We noted in paragraph one that the Minister had approached the National Assembly for close to $5B to pay for unbudgeted expenditure on the army, Office of the President, LCDS, GuySuCo and other agencies and ministries. But we had also noted from the first-half report the low level of spending in that half year. The country’s financial rules provide for the reallocation of funds from one budget area to another. There is no indication that this sensible practice is ever employed instead of the simplistic approach for the National Assembly to rubber stamp excess and excessive spending. Simplistic too is its approach to sugar into which it continues to pump billions while its relationship with its major stakeholder – the workers – deteriorates rapidly. It is easy to forget that the government defied the World Bank and informed the public concerned about the Skeldon Project, the largest single public investment ever undertaken in this country. The results so far have been more than merely disappointing.
Where next?
Ram & McRae will this Thursday publish its report on its annual Business Outlook Survey which would give a good indication of the private sector’s take on the economy. From the empirical evidence only a few sectors are doing well but none of these is in manufacturing or production. Our financial sector continues to do well, as does distribution, but important as these are, they provide an intermediary function. The state-owned power company, whose costs feed into the rest of the economy, continues to struggle to reduce inefficiencies and costs. The public sector wage bill keeps mounting while services remain stagnant. The bureaucracy and its sibling, corruption, impose a huge cost on the highly-taxed economy, in which equity and fairness hardly exist.

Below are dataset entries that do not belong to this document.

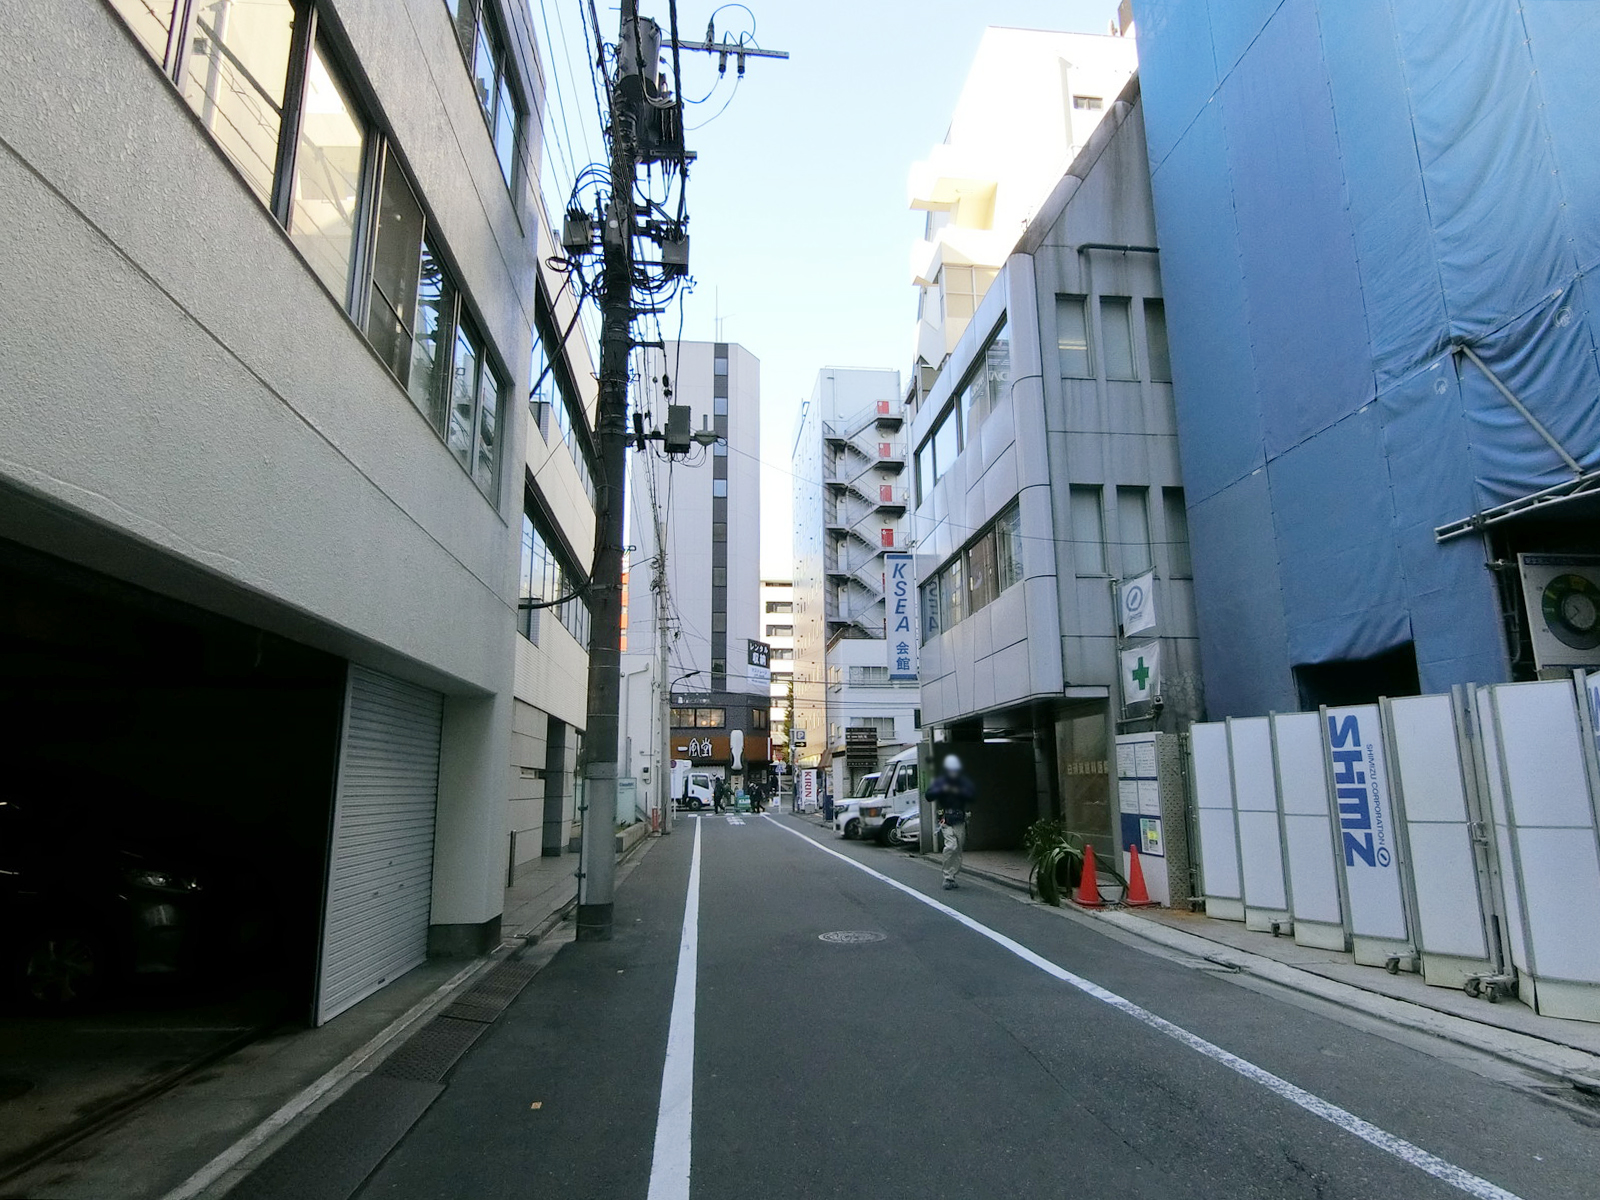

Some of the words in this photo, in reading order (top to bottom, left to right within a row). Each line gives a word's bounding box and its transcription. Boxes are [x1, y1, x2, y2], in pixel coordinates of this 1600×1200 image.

[892, 563, 910, 632] KSEA
[749, 642, 769, 654] レンタル
[896, 641, 911, 671] 会館
[677, 737, 712, 757] 一風堂
[804, 771, 812, 798] KIRIN
[1366, 743, 1376, 780] SHIMIZU
[1371, 781, 1386, 845] CORPORATION
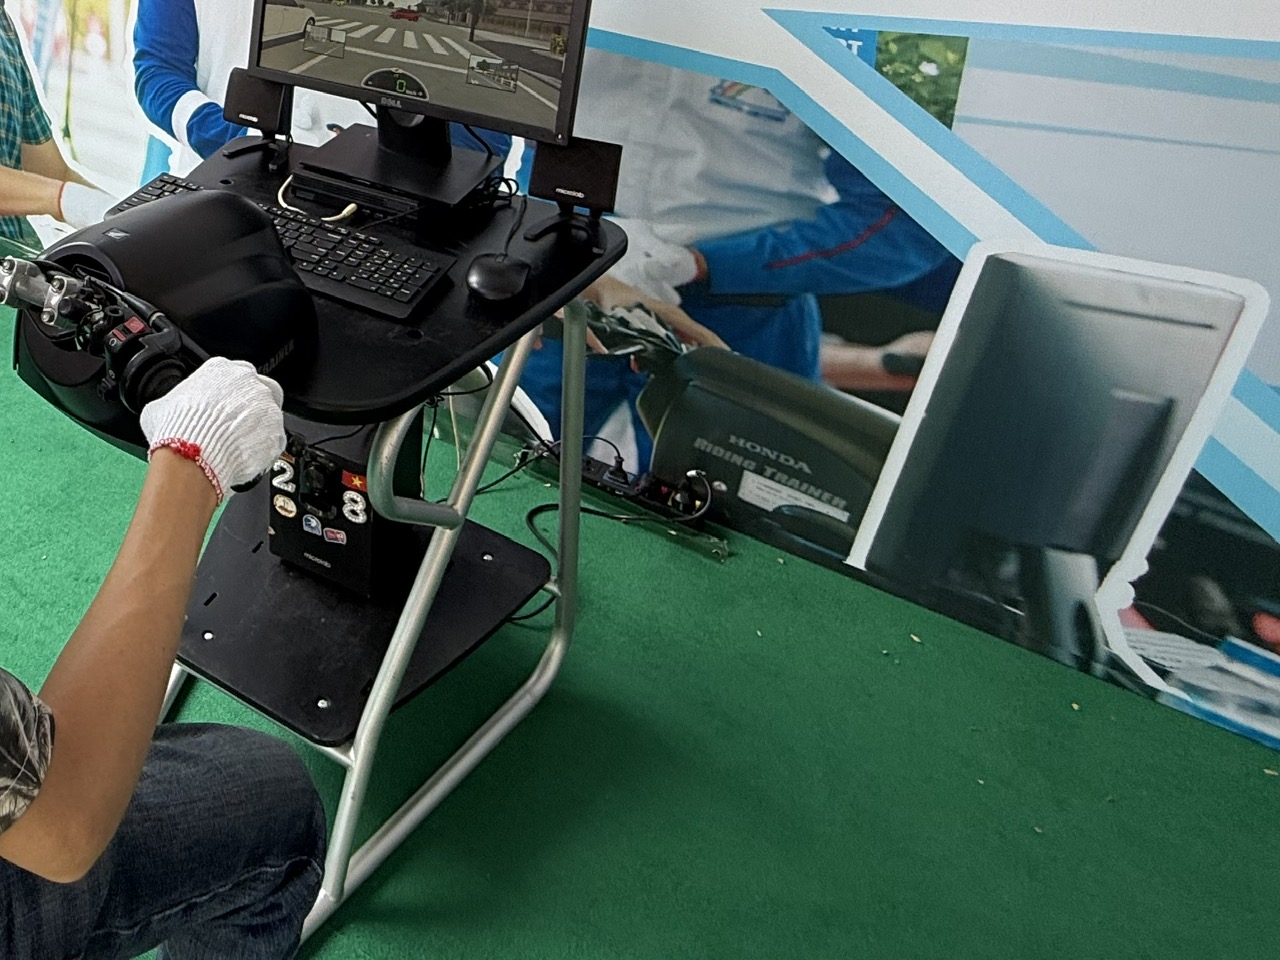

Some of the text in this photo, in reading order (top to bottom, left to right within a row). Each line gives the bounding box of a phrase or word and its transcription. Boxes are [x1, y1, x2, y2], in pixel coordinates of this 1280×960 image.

[728, 434, 813, 475] HONDA
[271, 459, 296, 493] 2
[693, 437, 757, 471] RIDING
[763, 465, 848, 510] TRAINER
[342, 490, 368, 524] 8
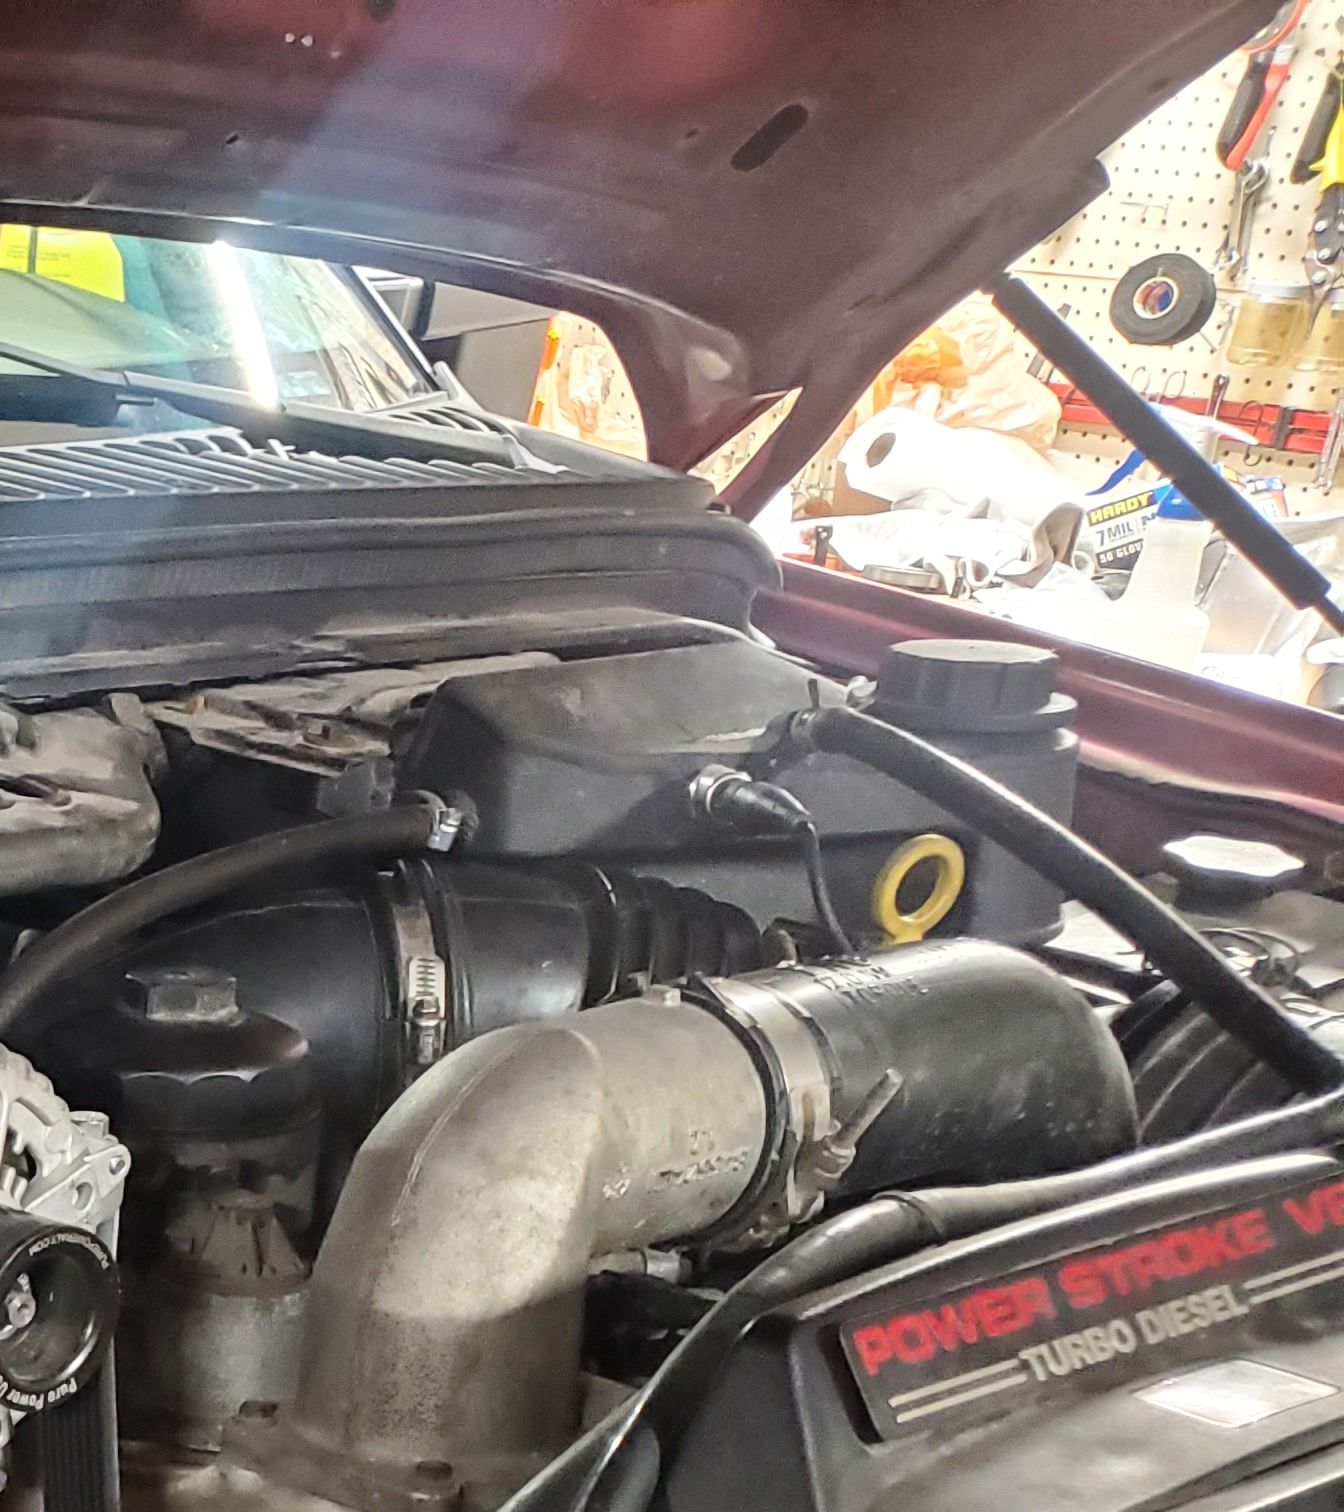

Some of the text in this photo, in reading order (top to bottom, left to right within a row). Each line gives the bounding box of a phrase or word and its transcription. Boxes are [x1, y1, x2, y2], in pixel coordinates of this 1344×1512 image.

[1087, 492, 1155, 523] HARDY
[1095, 521, 1134, 546] 7 MIL
[1098, 541, 1144, 563] 50 GLOV
[851, 1264, 1056, 1380] POWER
[1055, 1196, 1276, 1319] STROKE
[1018, 1276, 1249, 1388] TURBO DIESEL
[6, 1389, 44, 1410] Power
[47, 1377, 77, 1402] Pure
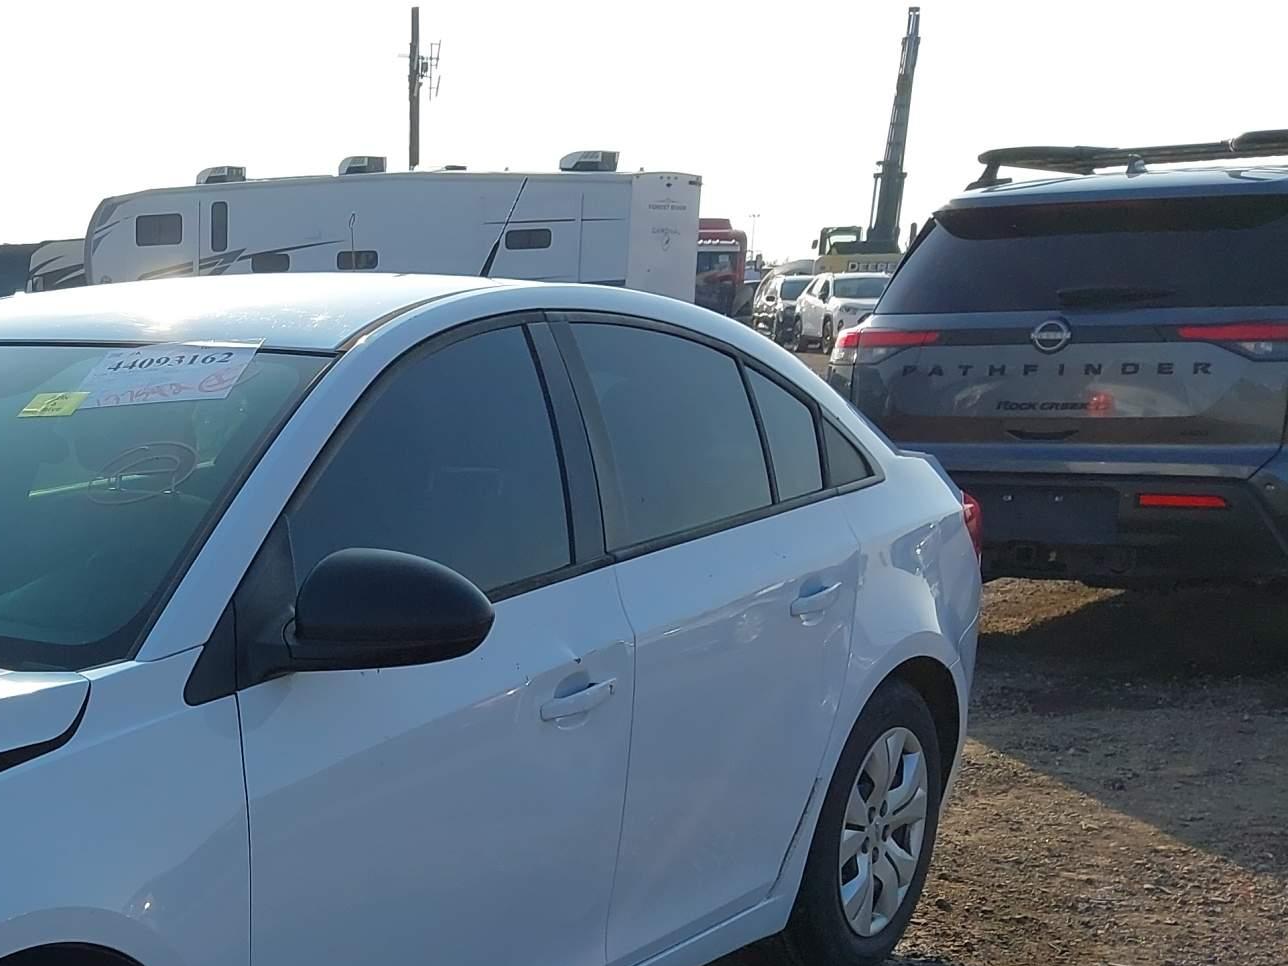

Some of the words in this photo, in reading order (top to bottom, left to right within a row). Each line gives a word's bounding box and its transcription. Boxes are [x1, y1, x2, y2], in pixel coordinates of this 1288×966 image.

It would not be right to argue that there have not been improvements in infrastructure, health and education, which were tied to the huge debt reliefs enjoyed over the past two decades. We have, however, failed in diversifying and strengthening our productive capabilities. Until we do that we cannot declare that we have accomplished the mission set by the PPP/C when it assumed control of this country, including making the country a place where rights, responsibilities and rewards were borne and shared equitably.